Torino - Pretattica, prima che tutti gli elementi raccolti dall’accusa e dalla difesa finiscano nel grande imbuto della camera di consiglio. Tocca all’avvocato Paola Savio scivolare sul calendario per regalare ai giudici, popolari e togati, qualche altro giorno di riflessioni, scambi di idee, letture di questa o quella carta. Gira voce che la Corte d’assise d’appello sia spaccata al suo interno fra colpevolisti e innocentisti: fra chi crede alla colpevolezza di Annamaria Franzoni e vuole ripartire dalla condanna di primo grado, magari mitigando la pena a trent’anni con la concessione di uno sconto opportuno e chi invece ritiene che l’assassino debba essere cercato nei paraggi, non nella villetta dei Lorenzi. «Presidente dice la Savio rivolgendosi a Romano Pettenati io posso dividere in due la mia replica: una parte oggi e un’altra la settimana prossima». L’offerta viene accettata, la camera di consiglio inizierà venerdì prossimo, presumibilmente nello stesso giorno la sentenza.
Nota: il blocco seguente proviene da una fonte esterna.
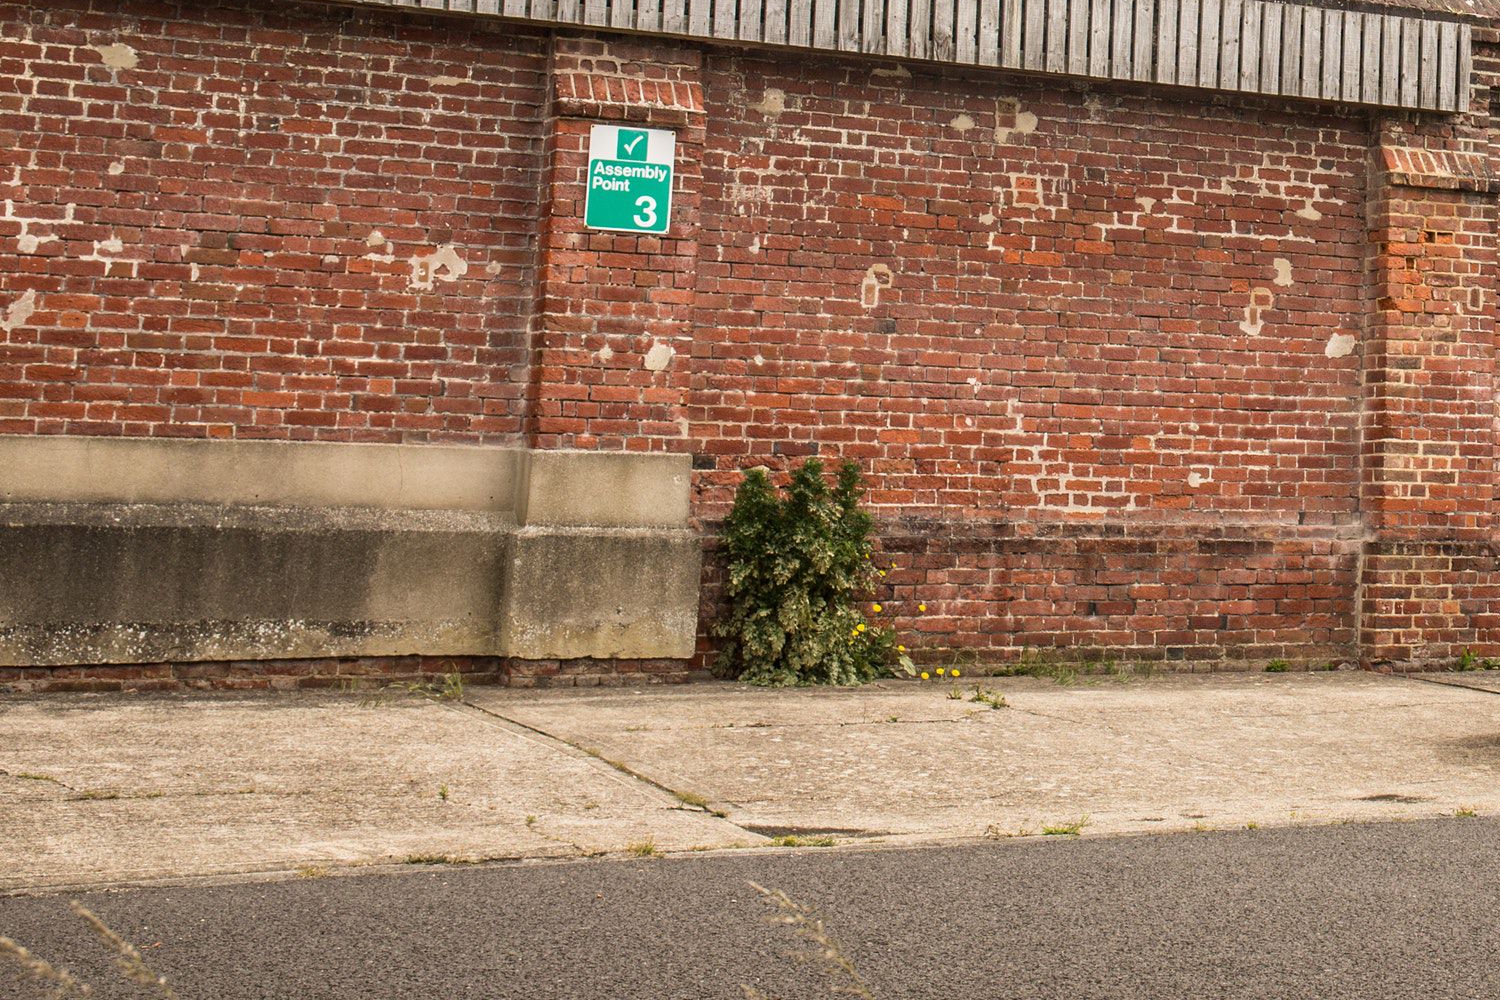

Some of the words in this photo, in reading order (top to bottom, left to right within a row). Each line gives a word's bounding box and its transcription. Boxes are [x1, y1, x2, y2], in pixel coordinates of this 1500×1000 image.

L’udienza, assai veloce, si risolve in un botta e risposta fra il sostituto Procuratore generale Vittorio Corsi e l’avvocato Paola Savio. «Annamaria Franzoni, dopo aver ucciso il figlio si è comportata come una bambina che ha combinato un guaio e ha voluto nasconderlo - spiega Corsi . Si è comportata come una bimba che ha rotto un vaso e non vuole ammetterlo. Forse per una questione di orgoglio. Ma l’orgoglio uno può metterlo sotto i piedi: se deciderà di confessare noi tutti le vorremo bene».
Sullo schermo si alternano come sempre in questi mesi immagini di vita e di morte: Samuele sorridente sul prato di casa e poi il tecnico dei Ris, vestito quasi come un astronauta, che simula l’omicidio: impugna un sabot, colpisce il bersaglio ripetutamente, a un certo punto curiosamente lo zoccolo gli sfugge di mano. Per Corsi il sabot, estratto dal cilindro della difesa in extremis, non regge: gli schizzi di sangue sulle pareti sono poca cosa rispetto al disastro apparso ai soccorritori la mattina del 30 gennaio 2002.
Ad un certo punto sul monitor compare l’immagine del bambino morto. La Franzoni inorridita gira la testa dall’altra parte, Corsi, rapidissimo, rimedia: «Per favore dice ad un suo collaboratore tolga subito quella foto».
La difesa contesta le elaborazioni, ribalta i risultati, insiste, cronometro alla mano, sui tempi di essiccamento del sangue: 2 minuti circa. Per la Savio il Ris dei carabinieri ha dimenticato nei suoi esperimenti alla Csi questo fenomeno. Ancora una volta sarebbero le macchie di sangue, stavolta sul pigiama, a fare la differenza: se Annamaria in preda ad un raptus ha colpito inginocchiata sul letto, allora si deve pensare che sia rimasta immobile come una statua per quei fatidici 2 minuti. Improbabile. Meglio cambiare scenario.
Altre immagini, in uno strano mix fra reale e virtuale. Fra il prima e il dopo. E su tutto domina la villetta riproposta ossessivamente con immagini frontali e laterali, dall’alto e dal basso. Corsi e la Savio tirano la coperta dei precedenti, delle statistiche, dei delitti di bambini avvenuti in Italia negli ultimi anni. Corsi porta l’aula a Lecco: un bambino che annega nella vaschetta del bagno, la mamma che evoca un misterioso aggressore, il marito che freme e vorrebbe dare la caccia al fantomatico killer. Poi il crollo e la confessione, quella che l’accusa reclama per Cogne da cinque anni.